In 1966 the choir came second in the National Eisteddfod of Wales at Newtown.

The choir's tours continued; during their early foreign tours, they received a request in August 1968 from West German Chancellor Kurt Georg Kiesinger to perform at his private palace, Bebenhausen Palace near Stuttgart. The performance was later shown on television.

===1970s and 80s===

1970 was the 21st birthday of the choir and a celebration dinner at the Tabernacl Chapel was arranged in November, with patrons Sir Geraint Evans and Stuart Burrows, together with president P. Raymond Jones and vice presidents and civic dignitaries attending. A telegram of congratulation from Stuart Burrows was read out.

In 1972, Côr Meibion Pontypridd was one of twelve choirs to perform at the 1,000 voices concert at the Royal Albert Hall.

In 1973 the choir took part in the H.T.V. Male Choral Competition. Twelve choirs were in the opening knock-out round and the finalists were Cwmbach and Pontypridd. In the final in the H.T.V. Studios, Pontypridd won.

In June 1973, members of the choir were invited to appear on stage with Marlene Dietrich after she heard them sing outside the New Theatre, Cardiff, where she was appearing. Later that month they competed against twelve other male choirs from Wales, and became the first choir to win a choral competition on television.
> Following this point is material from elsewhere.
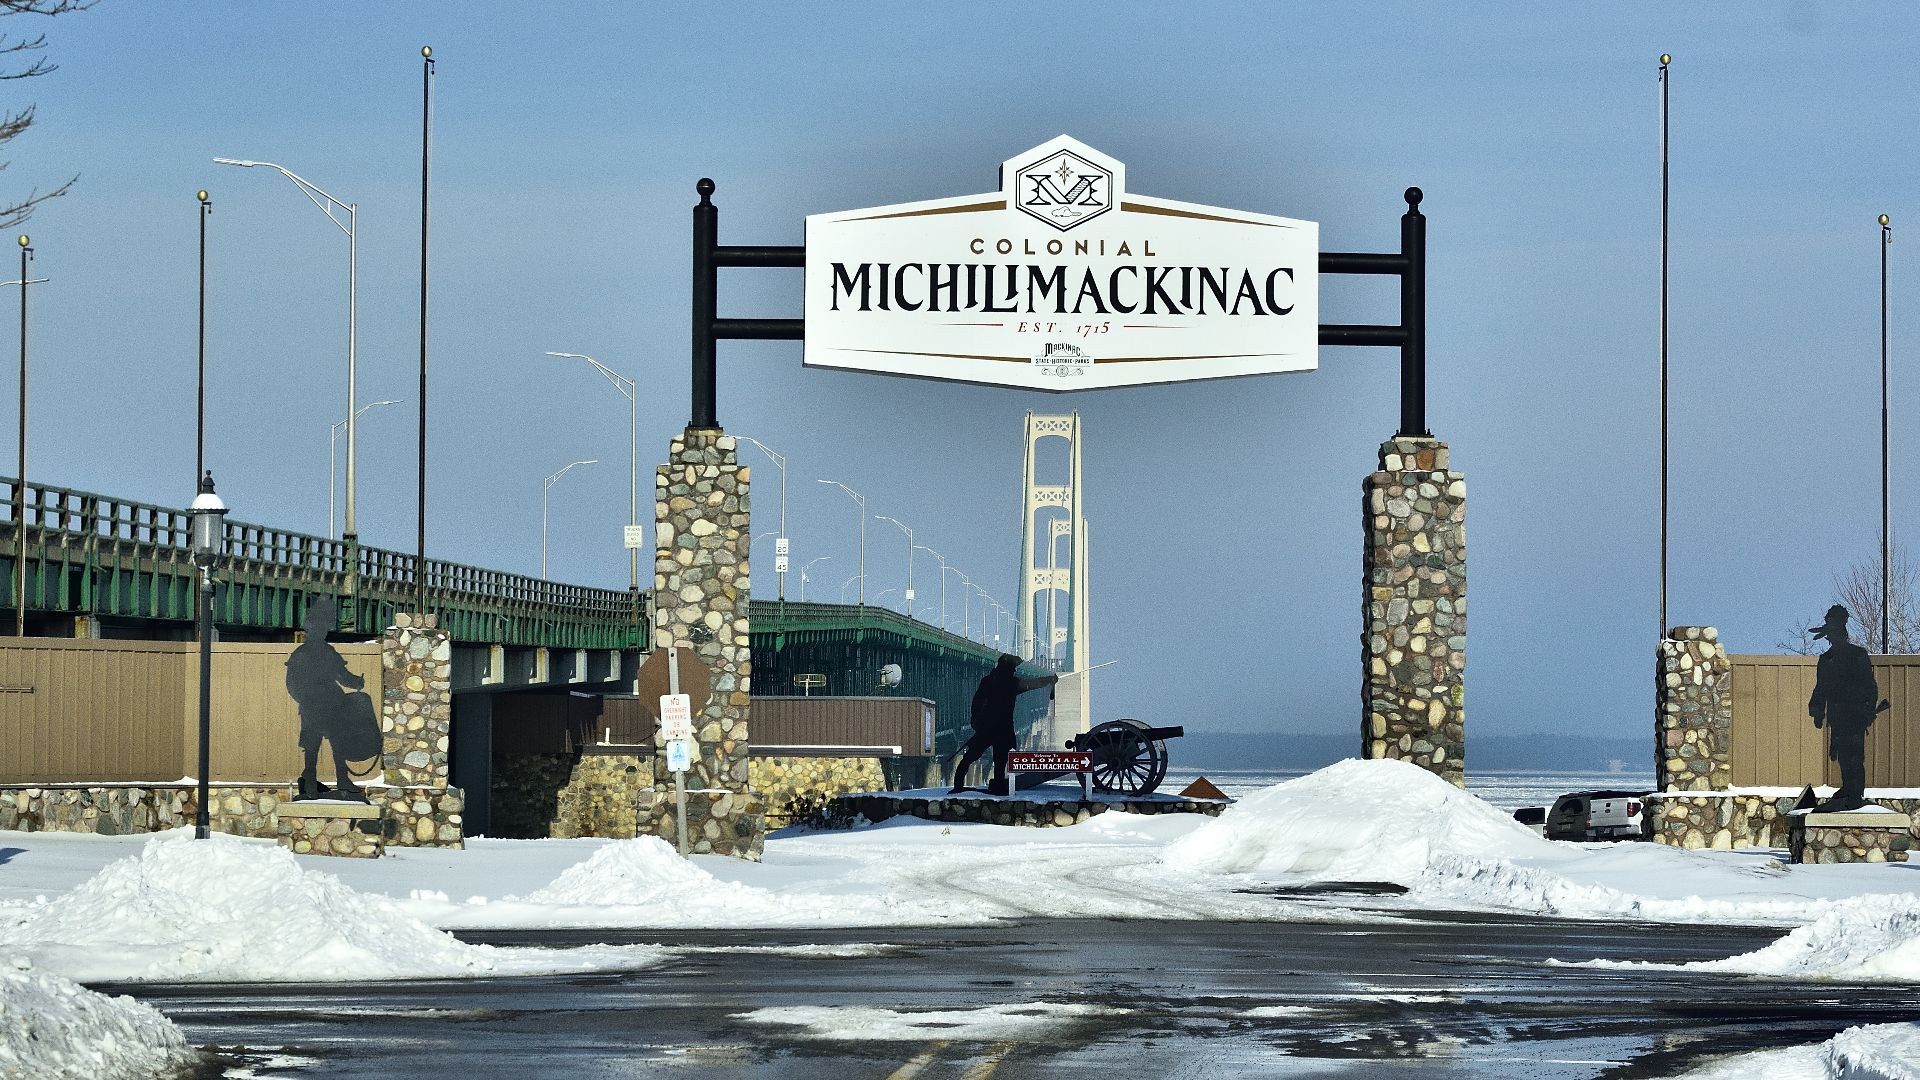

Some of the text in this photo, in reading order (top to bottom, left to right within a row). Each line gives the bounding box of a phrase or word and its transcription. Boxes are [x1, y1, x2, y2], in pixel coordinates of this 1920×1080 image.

They were presented with the HTV trophy and a cheque for £250.

1973 was the choir's silver jubilee year.

In 1974 they won the competition for male choirs between 40 and 70 voices at the National Eisteddfod of Wales at Carmarthen, their first victory in this event. It was also the first time in the event's history that a choir led by a woman conductor won.
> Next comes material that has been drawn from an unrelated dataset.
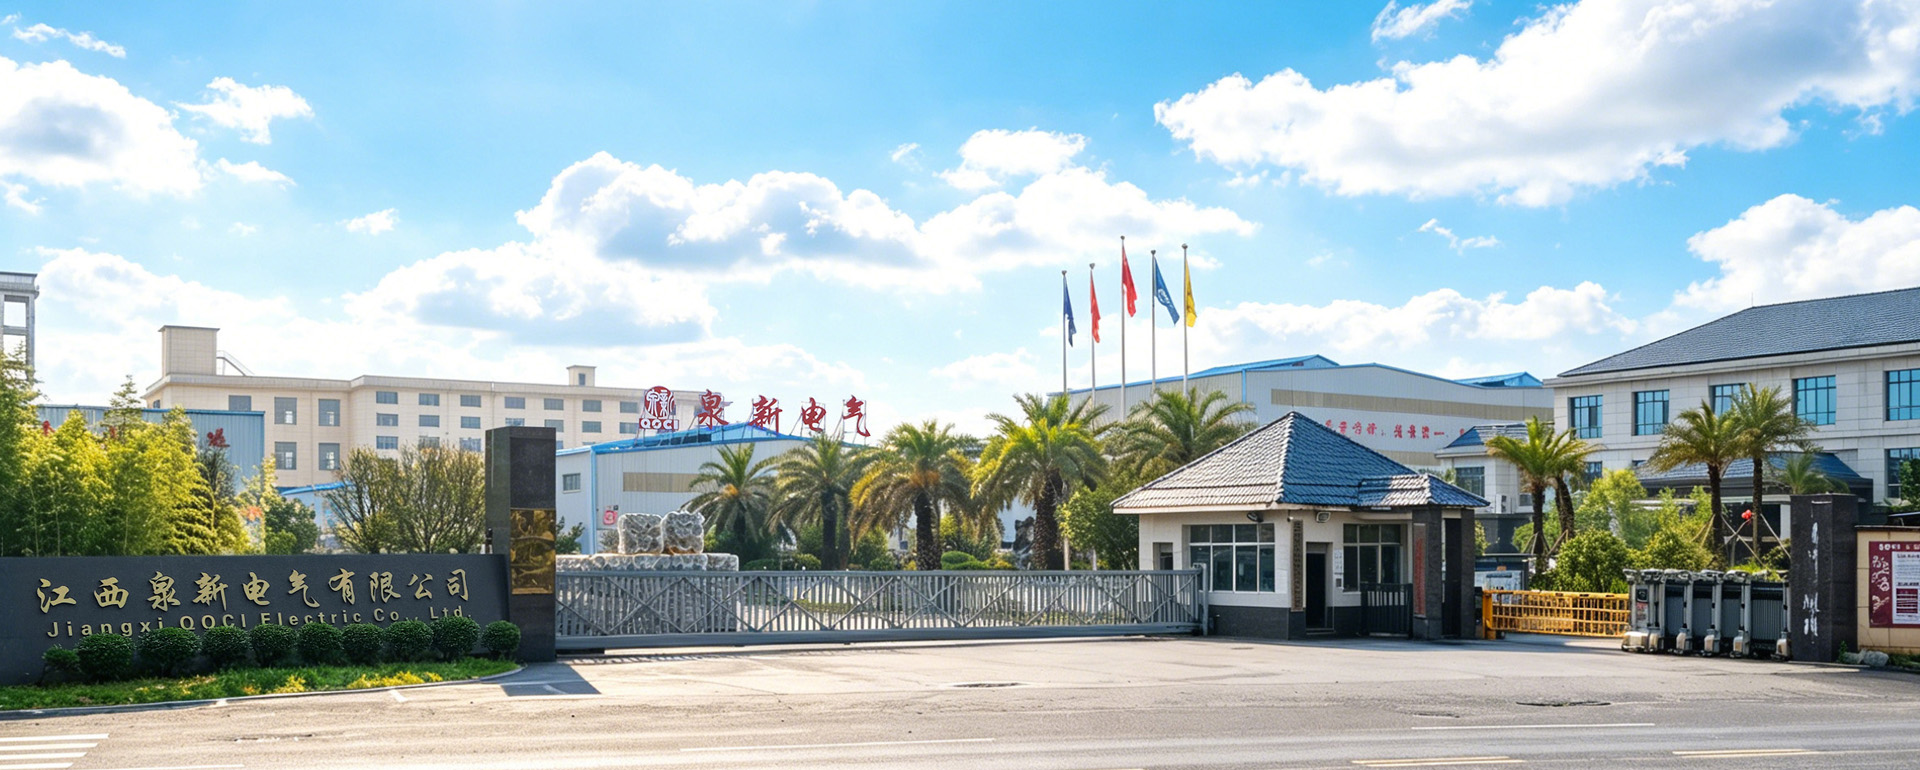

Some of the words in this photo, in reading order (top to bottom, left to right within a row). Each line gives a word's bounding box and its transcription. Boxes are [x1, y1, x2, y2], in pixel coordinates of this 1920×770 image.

In 1975 a Polish choir, "Zzk Henjau", visited Pontypridd. Pontypridd choir visited Poland in 1976 as guests of "Zzk Henjau".

Joyce Durston resigned in November 1977, and Dorothy Davies Ingram (accompanyist since 1964) became musical director and Jonathan Gulliford succeeded her as accompanist. Dorothy had previously been a member of the Shelley Singers. She made her debut as the choir's musical director at the Festival of 1,000 Voices at the Afan Lido, Aberavon in December 1977.

The choir won the Knight of St. David Memorial Bowl at the Rhymney Valley Eisteddfod, and retained it the following year.

In 1989 Dorothy became the first woman to conduct the 1,000 voices in the Royal Albert Hall and after 11 years as conductor to Côr Meibion Pontypridd, changed her role to become deputy conductor and accompanist, with Jonathan Gulliford becoming director of music.

1989 was also the choir's 40th anniversary. As part of the celebrations the choir appeared in a gala concert with Liederkranz Obersingen of Nürtingen in July at the Hawthorn Leisure Centre. Also in 1989, Dorothy Davies-Ingram decided to change her role, and became both deputy conductor and accompanist, while Jonathan Gulliford became director of music.

===Recent times===
The John Tree Award scheme, contributed to by R.T.J. Tree, choir president, was launched in 1991. The objective of the scheme is to link local schools and the choir. Annual prizes are awarded to musicians/singers at Pontypridd schools, based on talent. Award winners take part in the choir's annual celebrity concert.

More recently, Côr Meibion Pontypridd have participated in tours. They travelled to the United States in the year of their 50th anniversary in 1999 and returned four years later. They hosted a five-day visit by Liederkranz Obersingen in 2005 to celebrate a 40-year history of friendship between the two choirs. In 2008 the choir staged successful concerts in Cyprus, and this year they will again visit Nürtingen.